13. An information processing method executed by a computer, wherein, include: Obtain the current position determined by the positioning module; Obtain the measurement accuracy of the current position; Determine whether the obtained current location is inside or outside the object's geofence; The determination results of the object geofence are weighted using the obtained measurement accuracy; By repeatedly obtaining the current location, obtaining the measurement accuracy, determining whether the current location is inside or outside the object's geofence, and weighting the determination result with the measurement accuracy, the weighted determination result is accumulated. If the total weight of either the inner or outer judgment result in the accumulated judgment results exceeds a threshold, the judgment result of the object geofence is determined by the judgment result of the one that exceeds the threshold. as well as Output information related to the determined judgment result.
14. The information processing method according to claim 13, wherein, The obtained measurement accuracy includes accuracy degradation values.
15. The information processing method according to claim 14, wherein, Weighting the determination result using the measurement accuracy includes determining the weight based on the reciprocal of the accuracy degradation value.
16. The information processing method according to claim 13, wherein, The positioning module is equipped in the vehicle.
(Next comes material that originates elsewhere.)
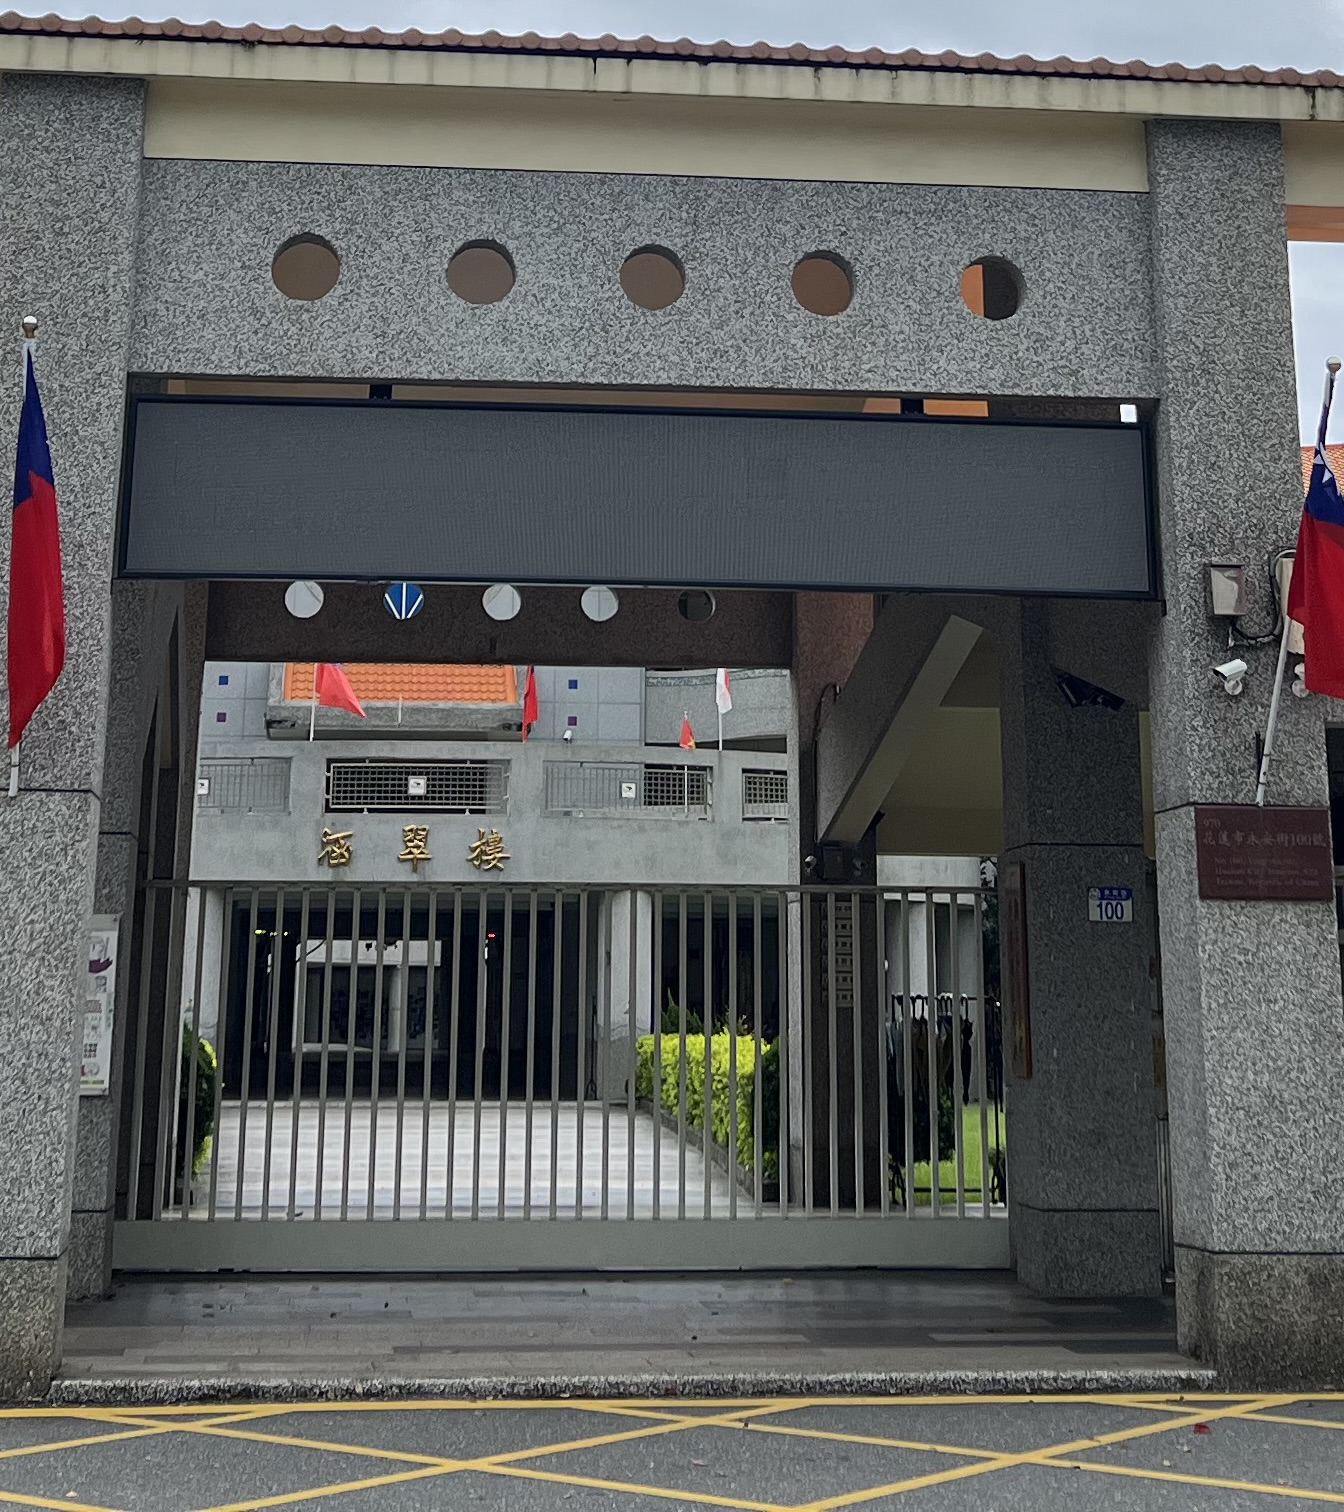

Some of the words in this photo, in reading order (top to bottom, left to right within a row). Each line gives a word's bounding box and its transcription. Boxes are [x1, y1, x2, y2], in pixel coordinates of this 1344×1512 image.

[316, 823, 513, 873] 涵翠樓
[1096, 901, 1125, 921] 100
The obtained current position is constituted by the current position of the vehicle.
17. The information processing method according to claim 13, wherein, The threshold includes: The first threshold is used to determine that the current location is within the geofence of the object; and The second threshold is used to determine whether the current location is outside the geofence of the object. The first threshold is set to be less than the second threshold.
18. The information processing method according to claim 13, wherein, The threshold includes: The first threshold is used to determine that the current location is within the geofence of the object; and The second threshold is used to determine whether the current location is outside the geofence of the object. The second threshold is set to be less than the first threshold.